2026 - the year South African companies make AI business-as-usual
Evan Berger, director at Go Rentals

Financial caution and hardware cycles

This period was also marked by financial caution. Evan Berger, director at Go Rentals, says tight credit and a volatile exchange rate pushed many businesses to delay capital investments.

“Across our customer base, the strongest theme was agility,” says Berger. “New ventures, unpredictable pipelines and AI-driven shifts made companies far more reluctant to lock themselves into long-term commitments.”

Berger believes that refresh cycles will continue to shorten as collaboration tools and AI workloads increase their resource demands, making older hardware obsolete faster.

The great clean-out

This rapid obsolescence has created a secondary challenge: what to do with the old equipment. Clayton Heldsinger, director at Dispose-IT, says 2025 was the year many organisations finally confronted the mountains of old hardware sitting in their storerooms.

“With Windows 10 support ending and heavier AI workloads arriving, upgrades became unavoidable,” Heldsinger says. “2026 is shaping up to be a major clean-out year. Companies have pushed refresh cycles as far as they could, and the performance gap between old devices and modern workloads is now too large to ignore.”

Heldsinger adds that mid-tier businesses are increasingly focused on the data security risks and value recovery linked to their disposals, while larger organisations have begun shifting slightly from recycling toward circularity as part of broader ESG efforts.

2026 trend: The efficiency trap

Looking ahead, a major concern is that the rush for efficiency might damage customer relationships. Nic Laschinger, technology director at Euphoria Telecom, warns that 2026 might be remembered as the year customer experience metrics drop.

“I expect that in the rush to do ‘what we can’ in terms of implementing AI and other communication channels, many businesses will neglect the key elements of how this affects customers’ experiences,” says Laschinger.

He argues that while the trend of multichannel engagement will continue, most businesses have a reporting blind spot that prevents them from managing multiple channels effectively.

2026 trend: Specificity over generic AI

To avoid these pitfalls, businesses will move away from generic tools. De Wit predicts a significant shift toward specific, intelligent agents trained on an organisation’s in-house content.

“Organisations are realising that standard vendor tooling, which relies on generic data scraped from the wider internet, has a ceiling,” explains De Wit. “To reach the next level of capability, businesses will start building and training agents on their own organisational content.”

2026 trend: The human element

Technology will also need to serve the workforce more effectively, particularly deskless workers.
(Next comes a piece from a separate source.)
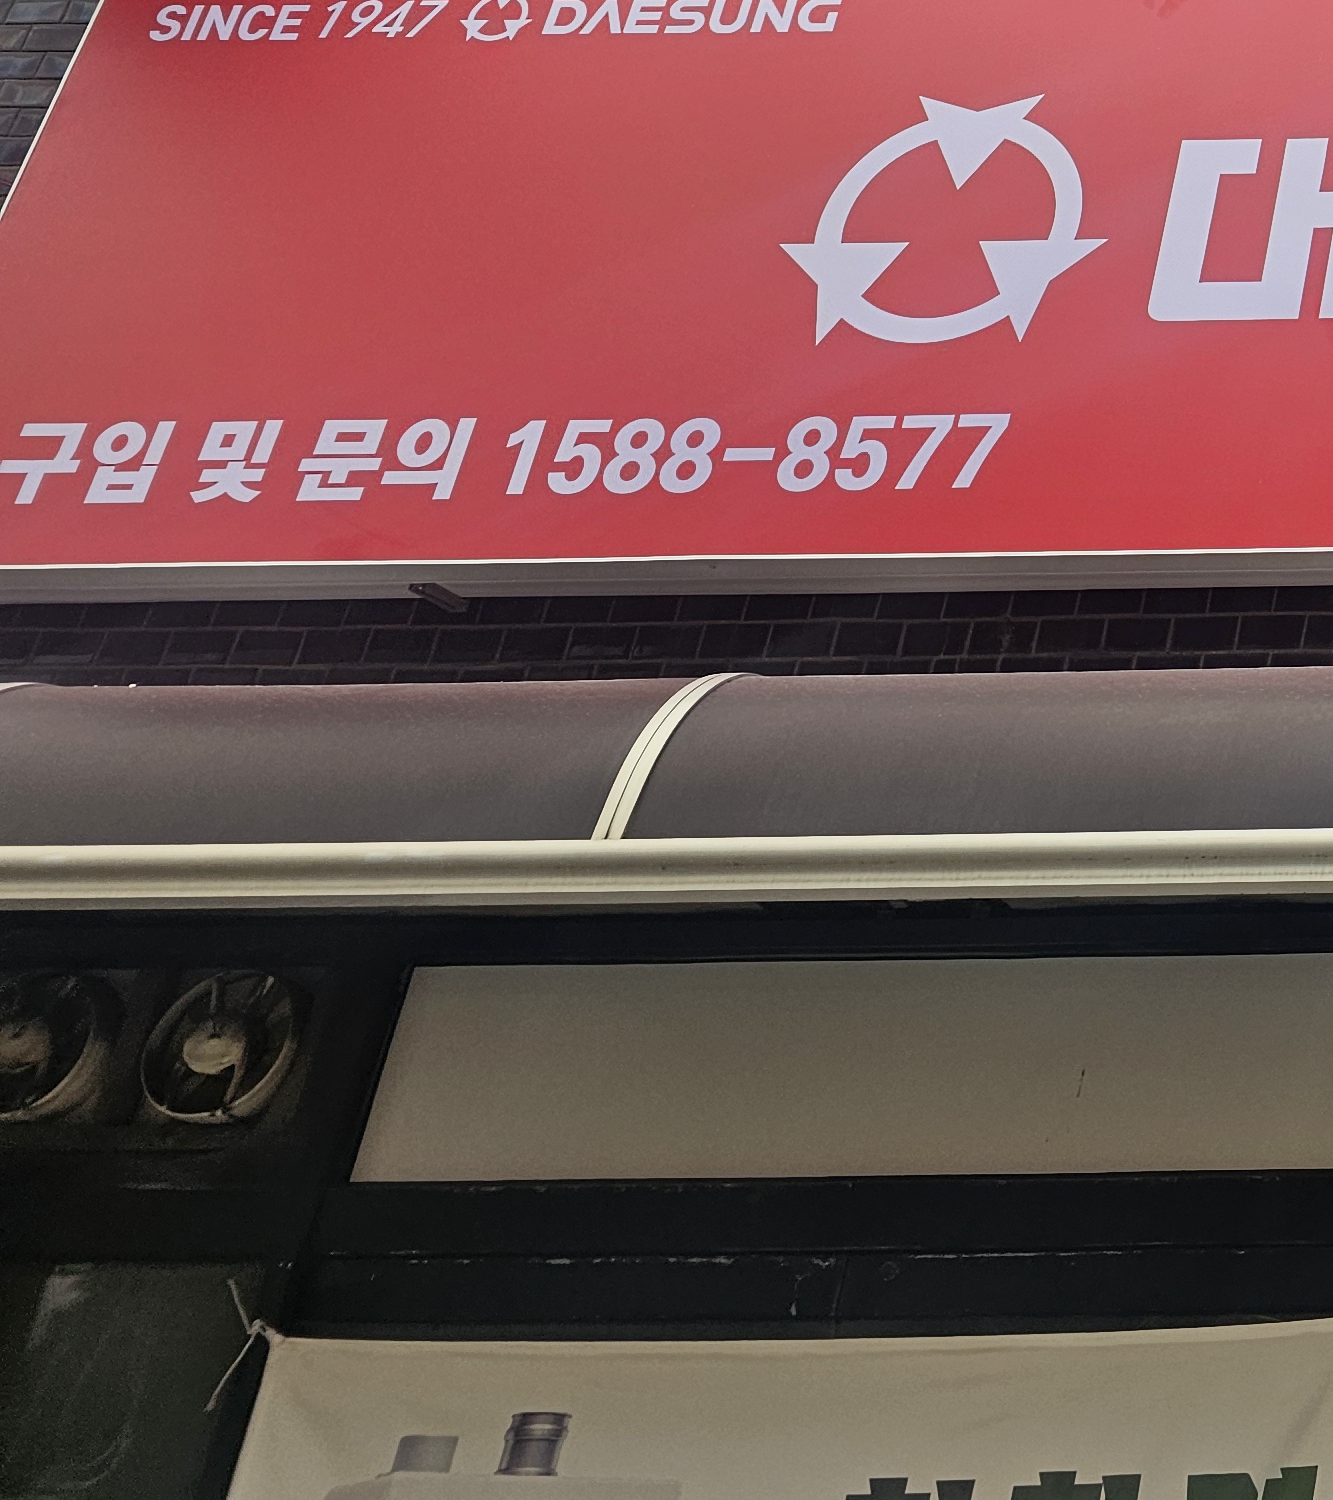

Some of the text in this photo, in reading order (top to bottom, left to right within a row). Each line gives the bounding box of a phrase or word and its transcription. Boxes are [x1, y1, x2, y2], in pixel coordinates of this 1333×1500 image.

[149, 4, 311, 42] SINCE
[318, 0, 450, 40] 1947
[0, 413, 1012, 504] 구입 및 문의 1588-8577
“AI implementation will shift from a buzzword to a key performance indicator,” says Fabre. “Mobile assistants, predictive scheduling and dynamic workflow tools that actually help workers do their jobs better, not just faster, will begin to gain traction.”

2026 trend: Convergence of AI and IoT

Finally, the operational backbone of business is set to transform. Peter Walsh, managing director at CommsCloud, sees the convergence of AI and the Internet of Things (IoT) reshaping entire industries like logistics and manufacturing.

“2026 will be the year organisations expect their technology stacks to self-optimise, from autonomous failover networks to AI-assisted decision making built into operational workflows,” says Walsh.

He emphasises that cross-border interoperability will become a strategic priority as African supply chains become more interconnected.

“2026 will be defined by the convergence of AI and IoT as the backbone of operational efficiency,” concludes Walsh. “Businesses across Africa will prioritise real-time visibility, automation and cross-border continuity as they navigate an increasingly complex environment.”